De auteurs documenteerden gedurende 10 jaar
follow-up, 847 incidenten van GDM tijdens zwangerschappen. Na
correctie van leeftijd, pariteit, voedings- en
niet-voedingsfactoren, waren de risicoratio’s voor het ontwikkelen
van GDM onder vrouwen, die compleet gefrituurde voeding consumeerden
gedurende 1-3, 4-6 en 7 keer of meer per week, vergeleken met
degenen die minder consumeerden dan 1 keer per week, respectievelijk
1.13, 1.31 en 2.18 (dus meer dan een verdubbeling van het risico als
er 7 keer of meer per week of nog vaker gefrituurd voedsel werd
gegeten in vergelijking met minder dan een keer per week).

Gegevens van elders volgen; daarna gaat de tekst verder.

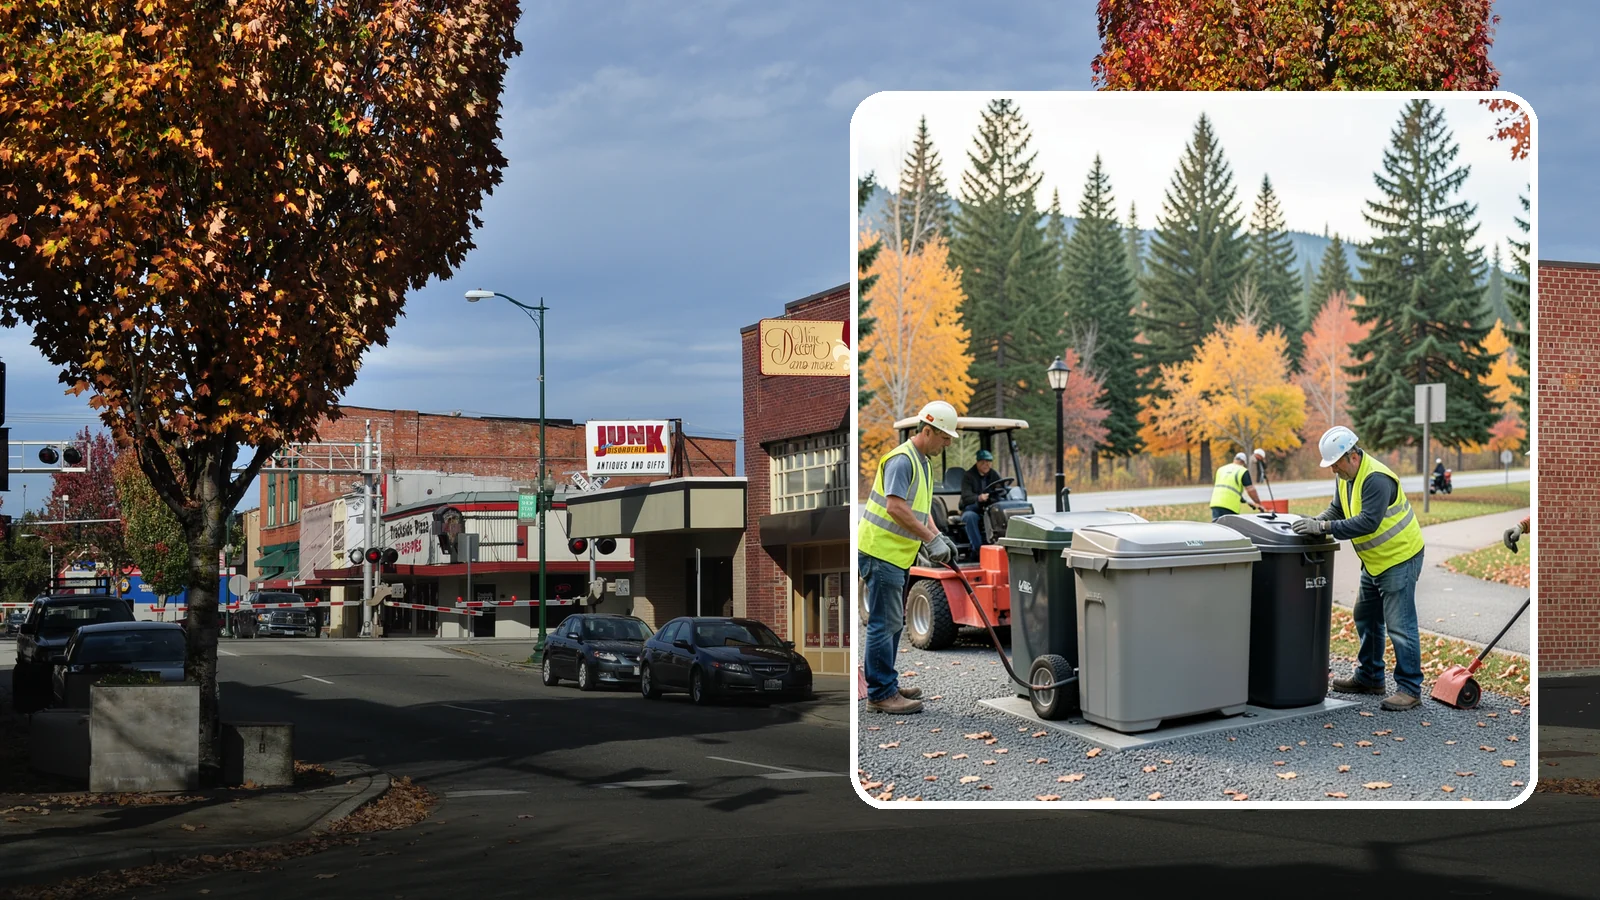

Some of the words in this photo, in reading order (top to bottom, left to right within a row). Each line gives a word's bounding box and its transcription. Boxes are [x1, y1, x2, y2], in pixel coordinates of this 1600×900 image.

[596, 425, 665, 457] JUNK
[608, 446, 646, 454] DISORDERLY
[597, 461, 628, 470] ANTIQUES
[631, 461, 644, 469] AND
[647, 460, 665, 469] GIFTS
[352, 498, 364, 511] CRO
[390, 521, 413, 539] Trackside
[414, 519, 429, 535] Pizza

De associatie bleef bestaan na verdere
aanpassingen v.w.b. de body-mass index (BMI). Na deze aanpassing
waren de risicoratio’s voor GDM onder vrouwen die 1-3, 4-6 en 7 keer
of meer per week gefrituurd voedsel tot zich namen in vergelijking
met degenen die minder dan 1 keer per week dit aten, respectievelijk
1.06, 1.14 en 1.88 (dus een verhoogd risico van 88% bij 7 keer of
meer per week tegen minder dan een keer per week).
De auteurs zeggen: ”De potentiële nadelige effecten van gefrituurde
voedselconsumptie op GDM kan komen door modificatie van
voedingsmiddelen en het frituurgemiddelde en vorming van schadelijke
bijproducten tijdens het bereidingsproces. Frituren verslechtert de
oliën door de processen van oxidatie en hydrogenering, wat leidt tot
de absorptie van olie-afbraakproducten door de voedingsmiddelen die
worden gebakken en een verlies van onverzadigde vetzuren zoals
linolzuur en linoleenzuur en een verhoging van overeenkomstige
transvetzuren zoals trans-linolzuur en trans-linoleenzuur.”

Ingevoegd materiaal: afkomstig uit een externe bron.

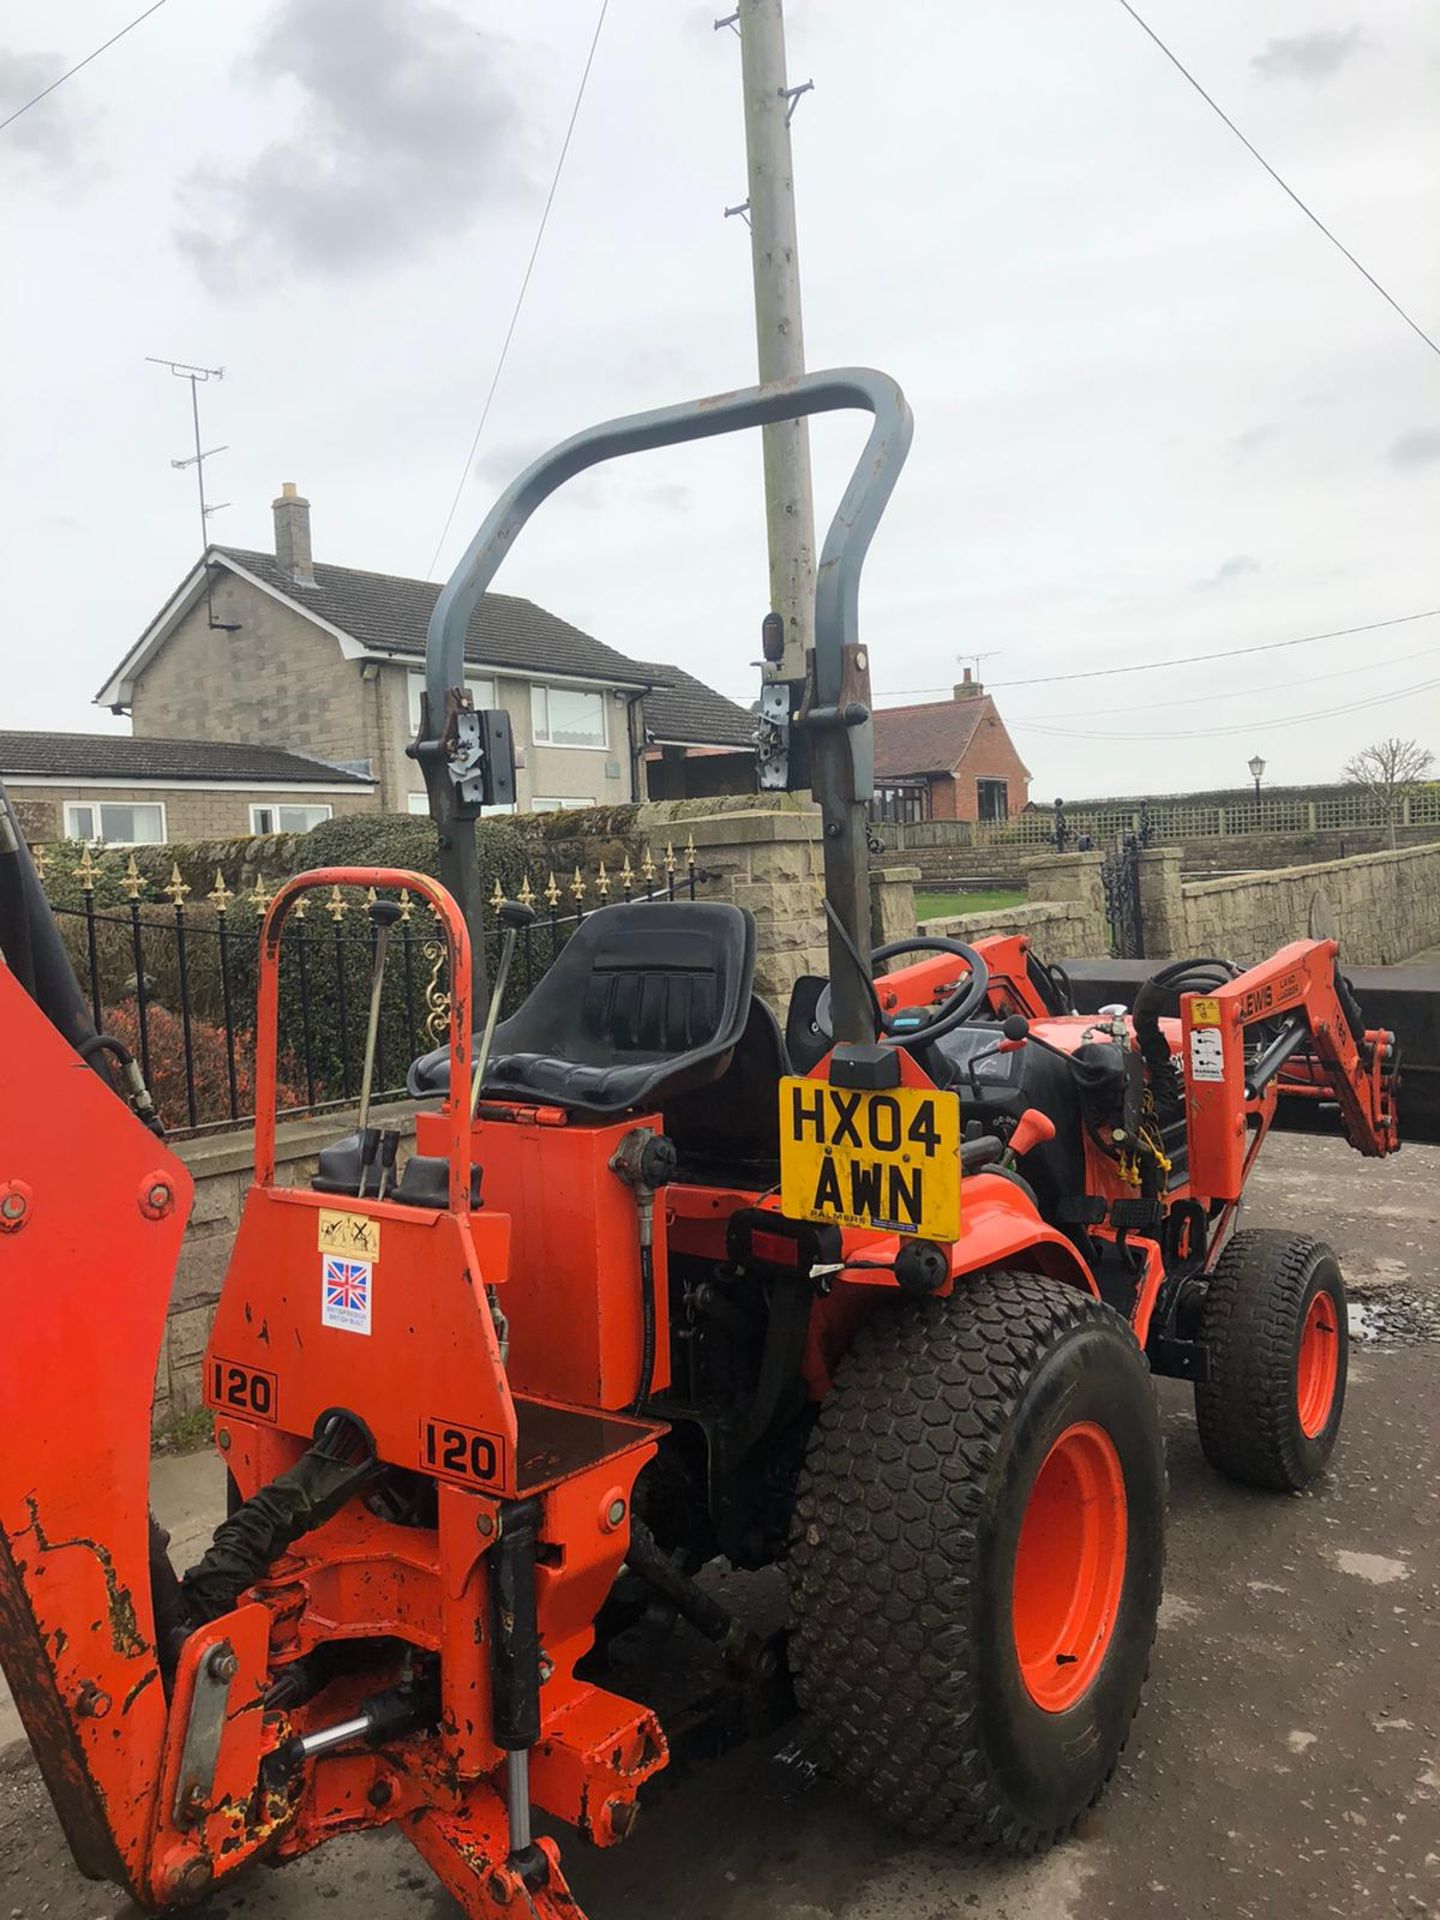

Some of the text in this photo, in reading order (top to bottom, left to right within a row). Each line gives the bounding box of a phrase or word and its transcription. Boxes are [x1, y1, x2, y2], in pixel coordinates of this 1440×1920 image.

[1240, 985, 1272, 1017] LEWIS
[793, 1087, 941, 1157] HX04
[814, 1156, 922, 1225] AWN
[809, 1210, 866, 1225] PALMERS
[215, 1363, 270, 1414] 120
[427, 1424, 496, 1480] 120

Zij voegen toe: ”Frituren kan ook resulteren in
veel hogere niveaus van voedings geavanceerde glycatie eindproducten
(Advanced Glycation Endproduct, AGEs), de derivaten van
glucose-eiwit of glucose-lipide interacties. Recent is ontdekt dat
AGEs betrokken zijn bij insulineresistentie, pancreatische beta-cel
schade en diabetes, deels omdat ze oxidatieve stress en ontstekingen
bevorderen. Bovendien tonen interventie studies dat met een dieet
dat laag in AGEs is aanzienlijke verbetering van de
insulinegevoeligheid, verminderde oxidatieve stress en verminderde
ontsteking optreedt.”
Wanneer het afzonderlijk geanalyseerd werd vonden
de auteurs dat er een statistisch significant verband was tussen GDM
en gefrituurde consumptie buitenshuis maar er was geen verband
tussen GDM en thuis geconsumeerde gefrituurde voeding. De auteurs
zeggen: ”Verslechtering van de olie tijdens het frituren is sterker
wanneer de oliën worden hergebruikt, wat vaker buitenshuis gebeurt
dan thuis. Dit kan deels verklaren waarom we een sterkere associatie
zagen van het GDM risico met gefrituurd voedsel consumptie
buitenshuis dan met geconsumeerde gefrituurde voeding thuis.”
Over het algemeen concluderen de auteurs: ”We
zagen in een prospectieve cohort studie dat frequente gefrituurde
voedselconsumptie aanzienlijk en positief geassocieerd werd met het
risico van incidentele GDM. Onze studie geeft aan dat er potentiële
voordelen zijn, door het beperken van gefrituurde voedselconsumptie,
in de preventie van GDM bij vrouwen in de voortplantingsleeftijd.
Verdere studies zijn gerechtvaardigd om onze bevindingen te
bevestigen en om de onderliggende mechanismen te ontdekken.”